The name, Project Hack, was a working title and the game was a new attempt at developing my co-op platformer A Hackers’ Hunt. This time, an artist was eager to join the team and we had a lot of fun exploring and developing the look and feel of all the biomes, upgrades and other mechanics.

Two upgraded players jumping across the floating, vine-ridden rocks of hacked South America.

Some of the bigger changes compared to A Hackers’ Hunt were:

  • A dedicated artist that added a lot of atmosphere with popping colours and animations.
  • This also meant more fluent animation, using systems I made from scratch, as GameMaker didn’t have any tooling for it yet.
  • The upgrades were themed and tied to a letter of the alphabet. Players could swap or add them to their Attack, Body or Special slot, granting them different effects.
  • The random levels weren’t strictly horizontal and a fixed size anymore. I made a new ‘BiomeBuilder’ tool that enabled us to make flexible chunks with any kind of element that a specific ‘Biome Controller’ could put into context.
  • The chunks also weren’t made up of tiles anymore; I developed a system that fluently places and joins together graphics along adjacent edges, creating a seamless landscape.
  • A character creator with color color picker and things like body and hairstyles.

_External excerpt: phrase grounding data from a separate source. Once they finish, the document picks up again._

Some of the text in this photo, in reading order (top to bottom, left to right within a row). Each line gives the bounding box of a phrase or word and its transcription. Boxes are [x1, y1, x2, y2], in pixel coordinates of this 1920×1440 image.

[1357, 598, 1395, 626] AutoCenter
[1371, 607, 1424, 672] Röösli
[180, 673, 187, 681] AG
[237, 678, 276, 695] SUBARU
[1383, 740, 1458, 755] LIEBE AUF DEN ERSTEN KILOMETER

Thinking of the co-op aspects, we experimented with the death state of a player. Losing all your health would mean turning into a sock puppet that emerges from the backpack of another player. Defeated enemies would drop pickups that the sock puppet could eat to eventually regenerate back into a character.

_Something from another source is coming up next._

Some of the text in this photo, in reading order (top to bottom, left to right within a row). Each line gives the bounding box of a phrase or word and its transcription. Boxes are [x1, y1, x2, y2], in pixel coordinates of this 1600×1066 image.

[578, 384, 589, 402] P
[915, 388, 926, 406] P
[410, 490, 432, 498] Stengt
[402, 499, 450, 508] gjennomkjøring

The sock puppet looking around from inside another player’s backpack.

Some time into the project, I felt like I started losing grip on the scope and goals of the game. We decided to try to save on workload by making generic enemy parts that I would use to procedurally create enemies, which in the end made the game feel more generic and not like the way we wanted to go.

Just like its predecessor, A Hackers’ Hunt, we decided to shelf Project Hack as well. Multiple factors played a part in this, but the reasons that stuck with me the most were my inexperience with Lead Design and scoping, and the lack of any funding for anyone, making this more of a passion project. Because of all the uncertainty, we agreed we shouldn’t continue anymore. Besides disappointment, it also gave me a sense of relief, as I felt like I had dragged everyone into my design for too long now.

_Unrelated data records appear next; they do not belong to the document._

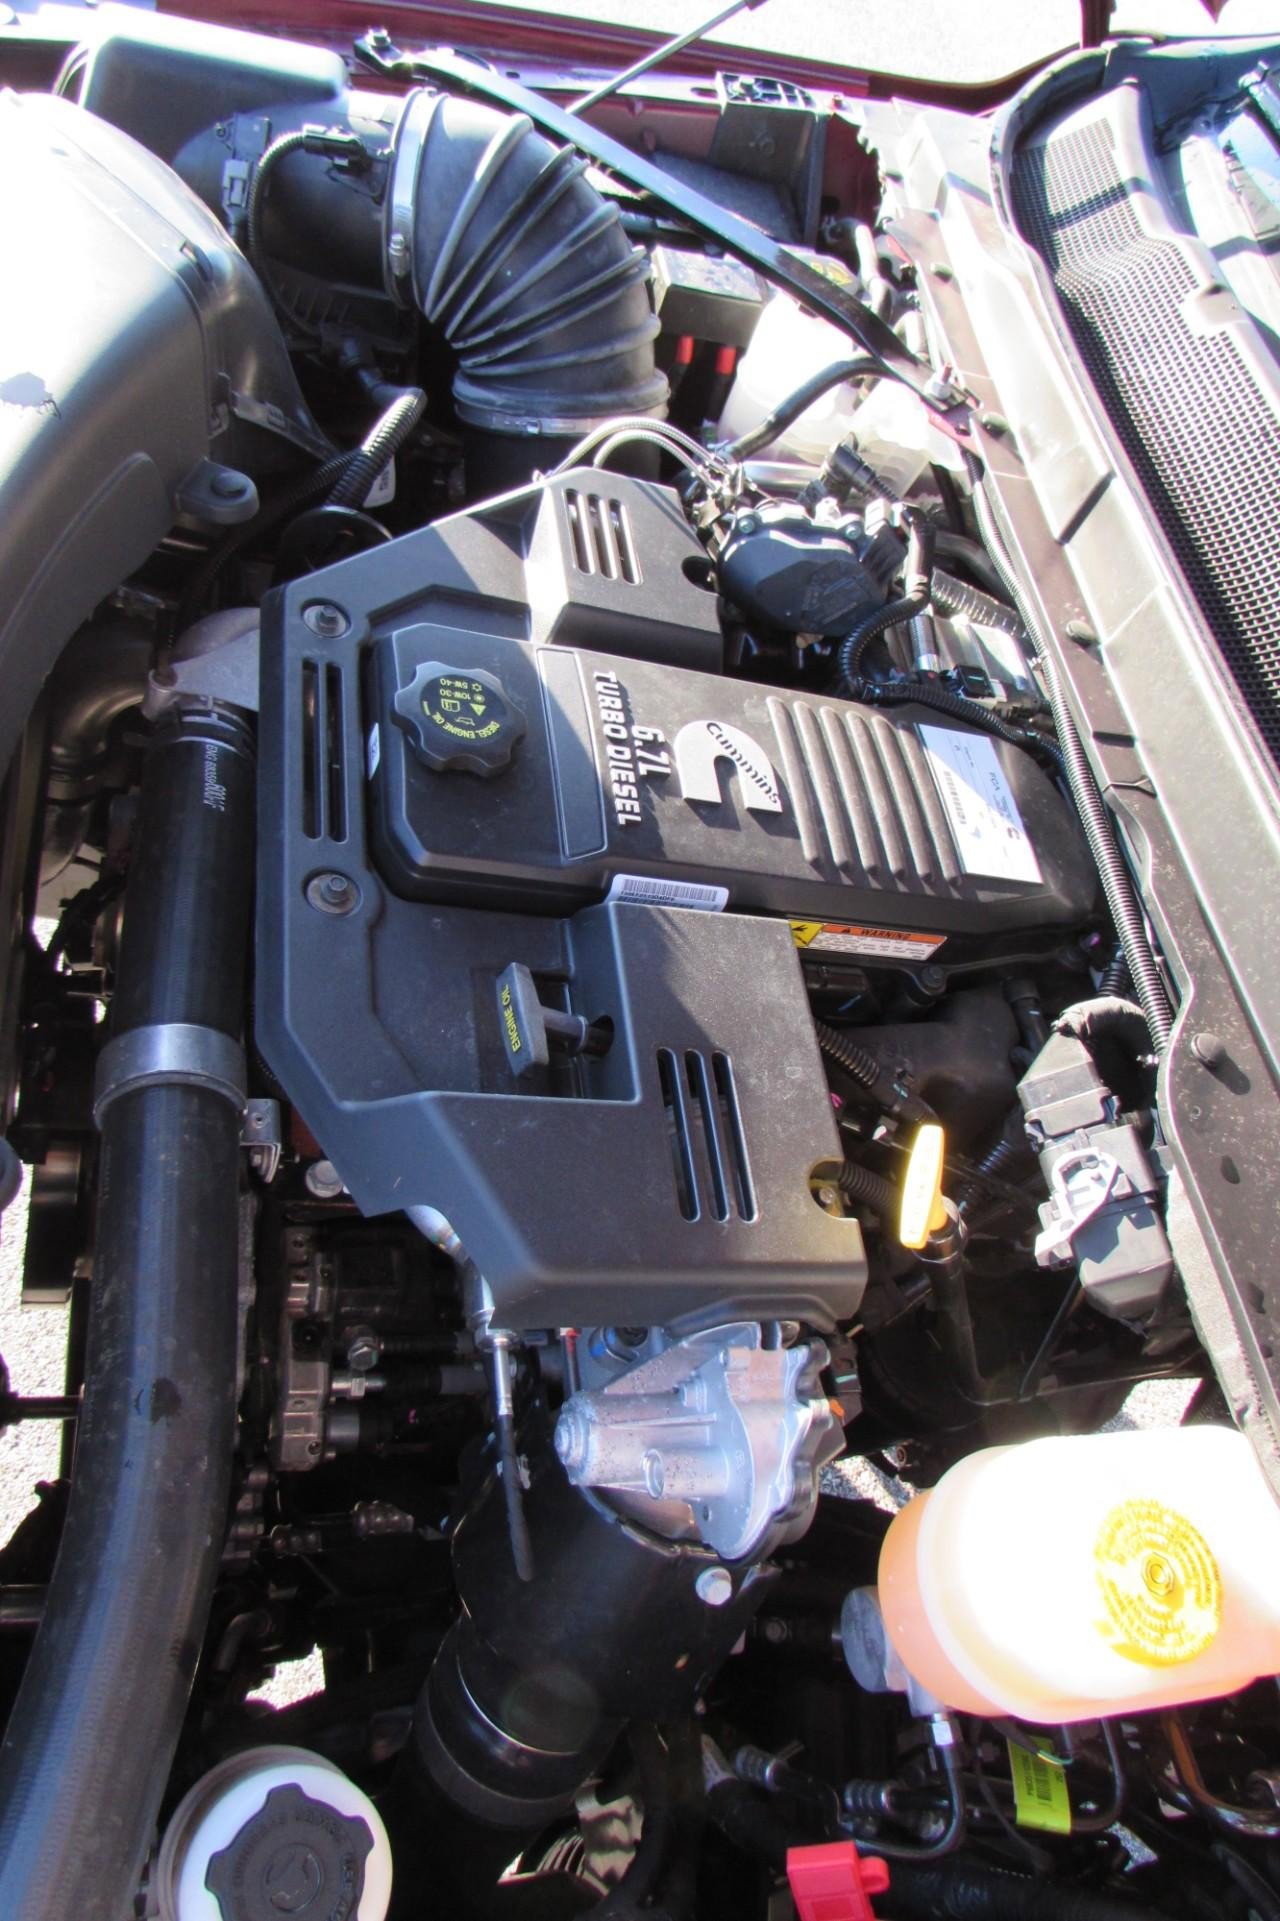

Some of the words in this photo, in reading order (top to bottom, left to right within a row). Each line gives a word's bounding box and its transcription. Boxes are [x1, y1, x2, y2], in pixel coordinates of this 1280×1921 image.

[440, 678, 468, 689] 5W-40
[440, 688, 471, 700] 10W-30
[593, 671, 629, 740] TURBO
[431, 711, 445, 724] OIL
[443, 722, 475, 738] ENGINE
[631, 724, 671, 776] 6.7L
[706, 721, 778, 804] Cummins
[606, 744, 642, 825] DIESEL
[860, 928, 911, 940] WARNING
[501, 984, 511, 1006] OIL
[504, 1005, 521, 1052] ENGINE
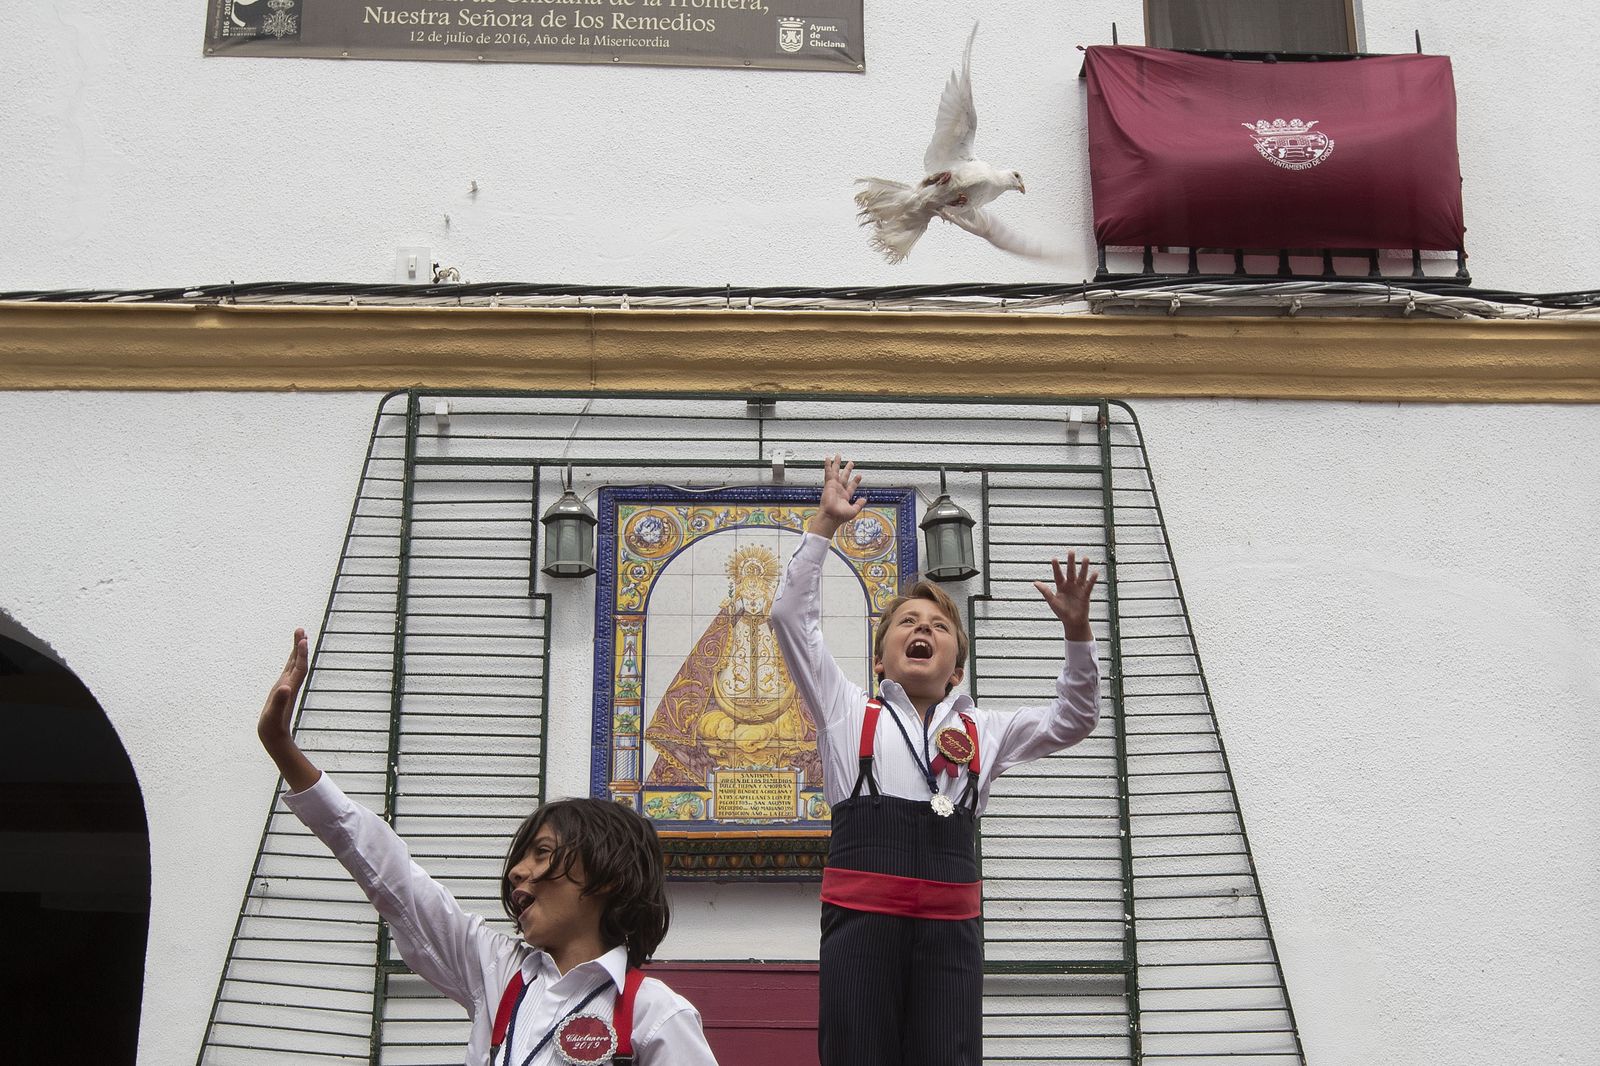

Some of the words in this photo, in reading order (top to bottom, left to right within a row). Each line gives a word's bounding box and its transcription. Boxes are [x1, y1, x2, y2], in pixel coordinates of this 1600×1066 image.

[363, 6, 450, 25] Nuestra
[458, 9, 534, 27] Señora
[541, 10, 567, 28] de
[574, 10, 604, 29] los
[611, 12, 716, 32] Remedios
[810, 24, 838, 32] Ayunt.
[410, 31, 424, 42] 12
[428, 31, 442, 42] de
[444, 31, 473, 45] julio
[476, 32, 491, 44] de
[494, 33, 530, 46] 2016,
[534, 33, 558, 45] Año
[561, 34, 576, 45] de
[579, 35, 590, 45] la
[594, 35, 670, 47] Misericordia
[810, 40, 846, 48] Chiclana
[566, 1033, 609, 1042] Chiclanero
[572, 1041, 600, 1050] 2019

I still love the idea of the couch co-op gameplay, but there are a lot of things that I would do different now:

  • Scope. Create a dot on the horizon that’s not “let’s pick a too high number and add as many upgrades”. We developed a lot of content without testing very much.
  • Develop a clear vision. Unlimited creative freedom turns out to be a big pitfall for me. The direction of a project becomes much clearer when I, for example, start with writing down a setting or key events/milestones for a story.
  • We didn’t guard the vision we did have, a ‘couch co-op platformer for everyone’, as we noticed the controls were very complicated, even for ourselves when we played the game again a few weeks later.

I’m still very proud of what we made. The improvements I made on a technical, art,game feel, and collaborative level are gigantic.